(Collection entries)
== == ==
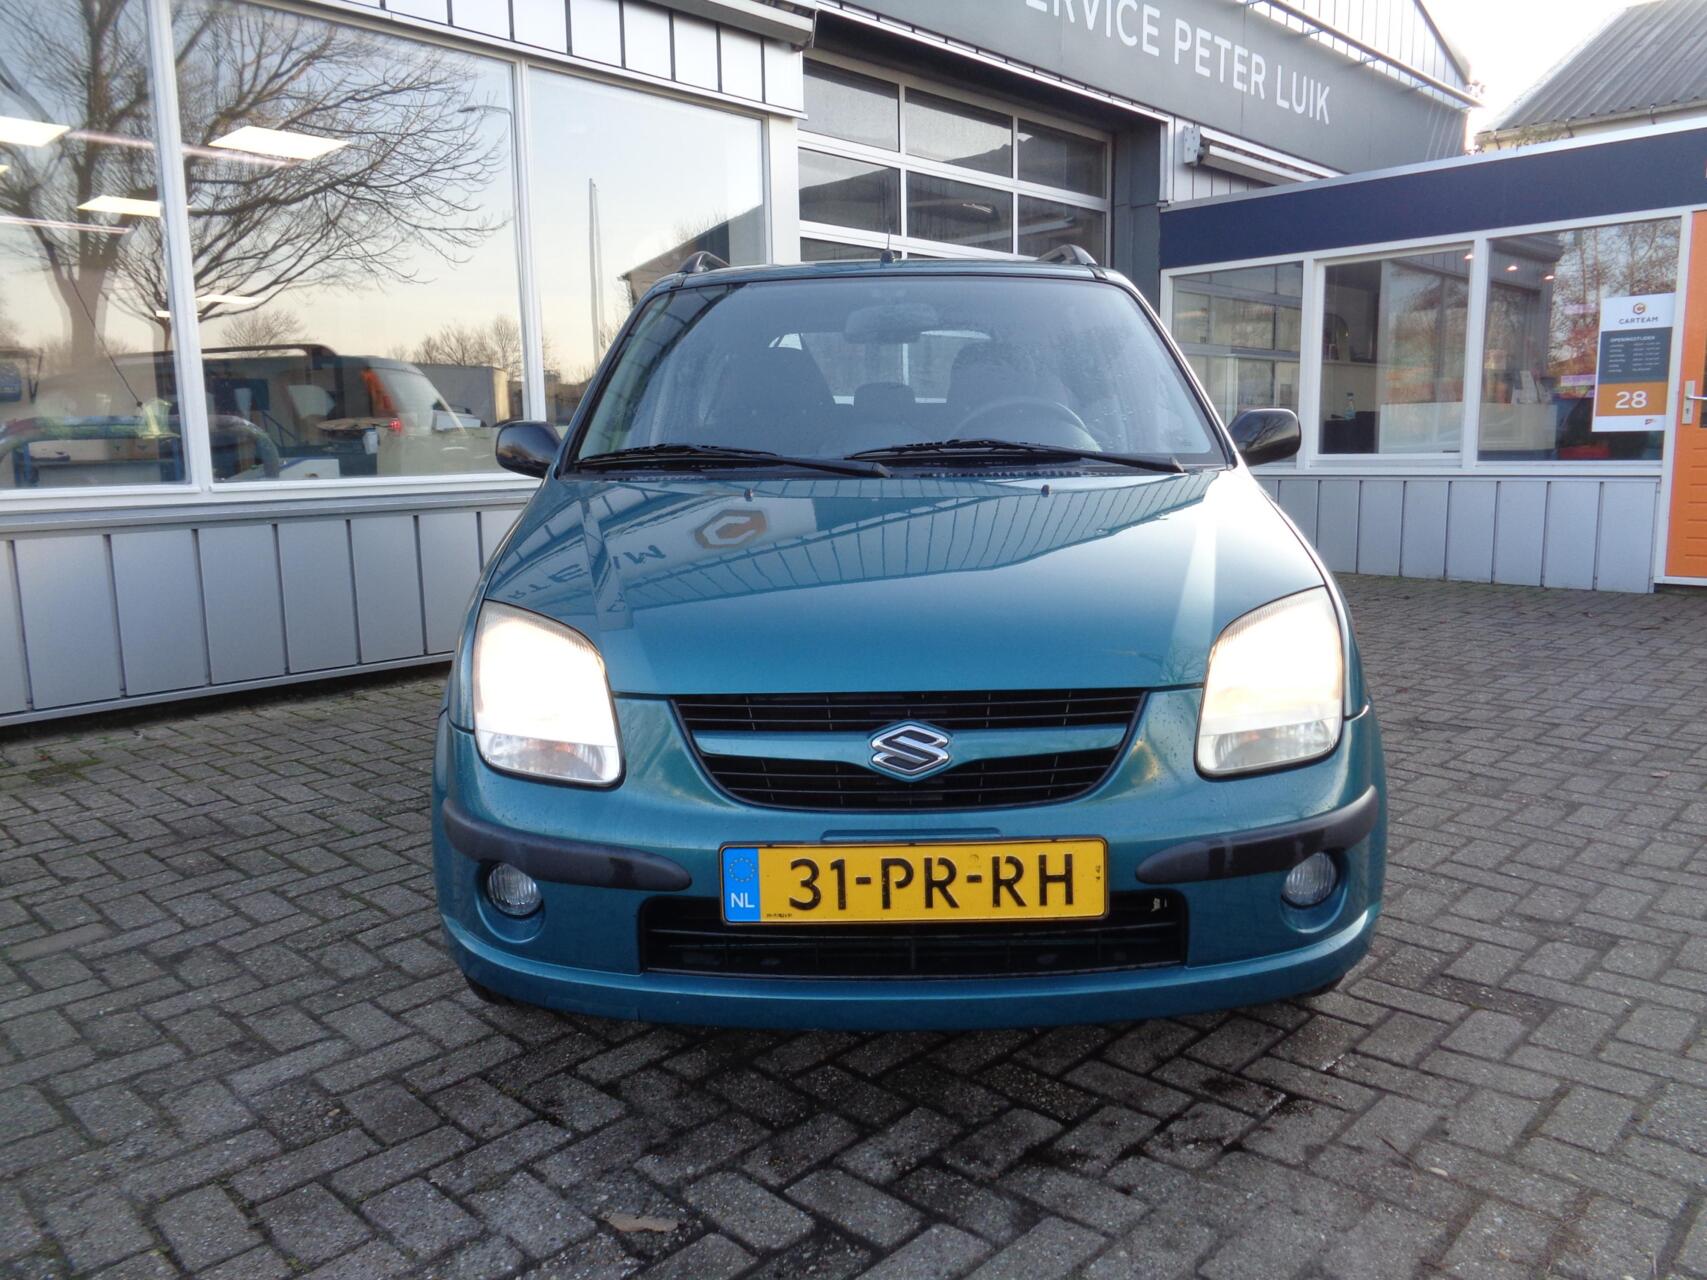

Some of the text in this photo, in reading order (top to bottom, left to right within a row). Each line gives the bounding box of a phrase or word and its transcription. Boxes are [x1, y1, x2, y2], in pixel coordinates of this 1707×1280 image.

[1174, 18, 1266, 99] PETER
[1276, 65, 1330, 125] LUIK
[1618, 316, 1659, 325] CARTEAM
[1615, 390, 1648, 409] 28
[788, 853, 1074, 911] 31-PR-RH
[730, 893, 755, 908] NL
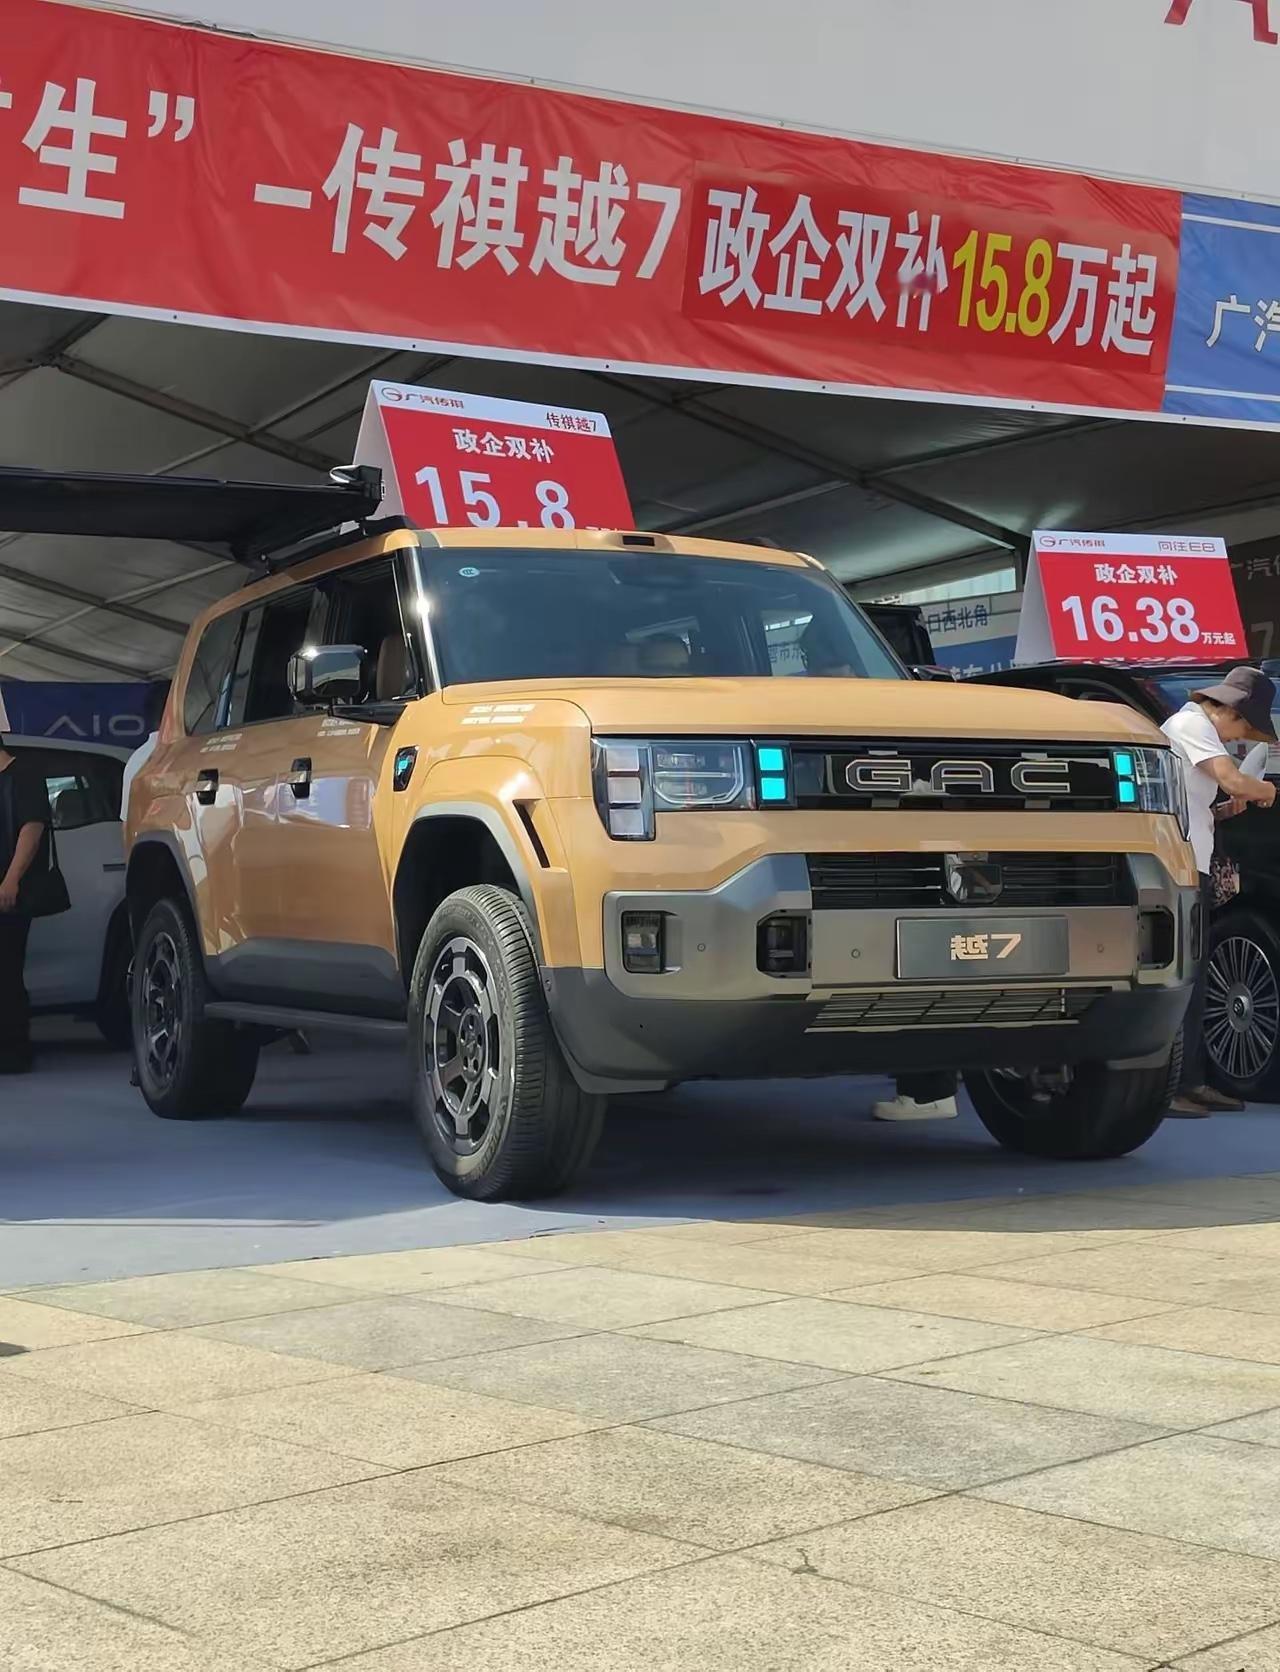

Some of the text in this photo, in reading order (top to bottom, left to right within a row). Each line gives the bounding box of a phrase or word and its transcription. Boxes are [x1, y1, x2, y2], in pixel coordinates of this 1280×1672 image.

[0, 78, 195, 219] 生”
[698, 186, 1158, 356] 政企双补15.8万起
[546, 412, 597, 433] 传祺越7
[452, 428, 555, 463] 政企双补
[1093, 563, 1178, 586] 政企双补
[1061, 595, 1200, 644] 16.38
[845, 759, 1071, 793] GAC
[950, 933, 1022, 961] 越7
== == ==
* _Assignment_:
The answer should be the records above, unchanged, with the pictures omitted.

* _Answer_:
Some of the text in this photo, in reading order (top to bottom, left to right within a row). Each line gives the bounding box of a phrase or word and its transcription. Boxes are [x1, y1, x2, y2], in pixel coordinates of this 1707×1280 image.

[1174, 18, 1266, 99] PETER
[1276, 65, 1330, 125] LUIK
[1618, 316, 1659, 325] CARTEAM
[1615, 390, 1648, 409] 28
[788, 853, 1074, 911] 31-PR-RH
[730, 893, 755, 908] NL

Some of the text in this photo, in reading order (top to bottom, left to right within a row). Each line gives the bounding box of a phrase or word and its transcription. Boxes are [x1, y1, x2, y2], in pixel coordinates of this 1280×1672 image.

[0, 78, 195, 219] 生”
[698, 186, 1158, 356] 政企双补15.8万起
[546, 412, 597, 433] 传祺越7
[452, 428, 555, 463] 政企双补
[1093, 563, 1178, 586] 政企双补
[1061, 595, 1200, 644] 16.38
[845, 759, 1071, 793] GAC
[950, 933, 1022, 961] 越7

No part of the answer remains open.